Copy the entries below word for word, but omit any pictures they contain.

[Extracted records Boundary: Start]

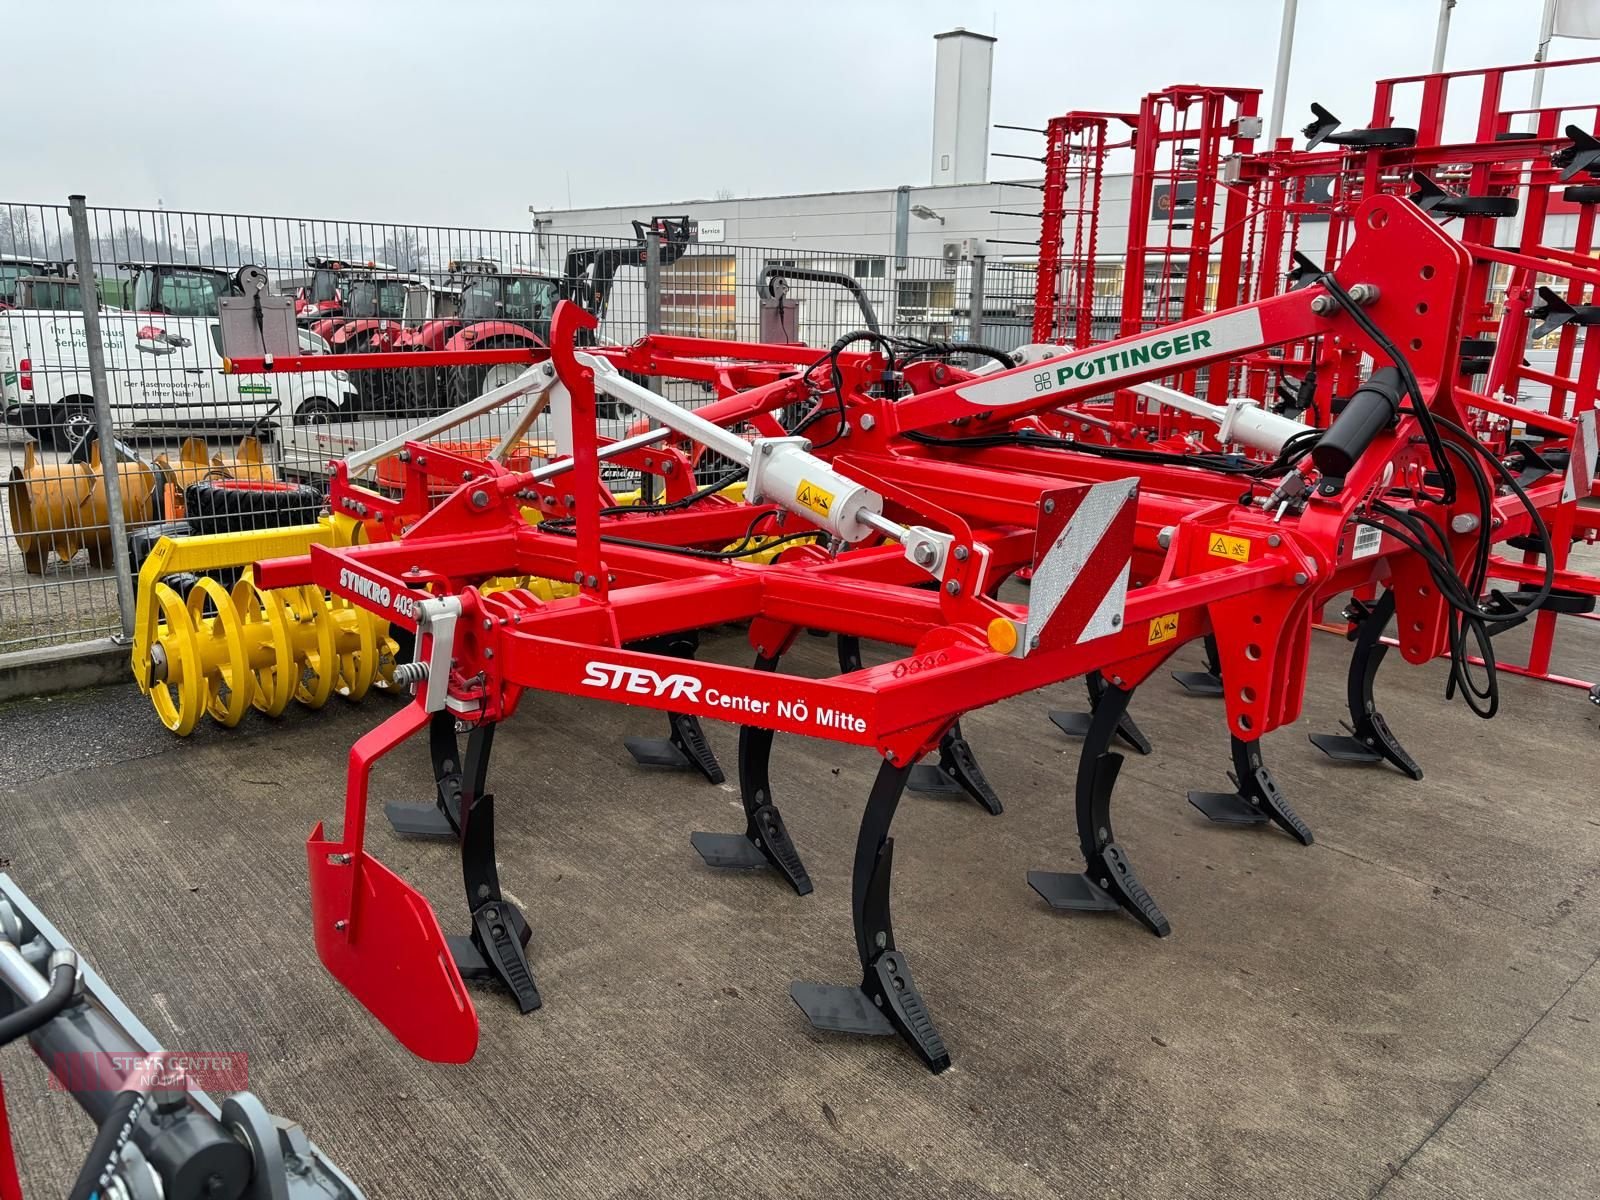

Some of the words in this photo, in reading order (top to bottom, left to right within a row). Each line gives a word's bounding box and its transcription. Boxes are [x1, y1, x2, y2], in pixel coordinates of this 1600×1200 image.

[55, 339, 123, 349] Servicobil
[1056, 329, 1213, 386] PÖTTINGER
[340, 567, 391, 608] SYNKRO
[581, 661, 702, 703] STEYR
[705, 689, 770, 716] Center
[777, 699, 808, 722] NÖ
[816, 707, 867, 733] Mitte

[Extracted records Boundary: End]

Output for this task.
Some of the words in this photo, in reading order (top to bottom, left to right within a row). Each line gives a word's bounding box and its transcription. Boxes are [x1, y1, x2, y2], in pixel coordinates of this 1600×1200 image.

[55, 339, 123, 349] Servicobil
[1056, 329, 1213, 386] PÖTTINGER
[340, 567, 391, 608] SYNKRO
[581, 661, 702, 703] STEYR
[705, 689, 770, 716] Center
[777, 699, 808, 722] NÖ
[816, 707, 867, 733] Mitte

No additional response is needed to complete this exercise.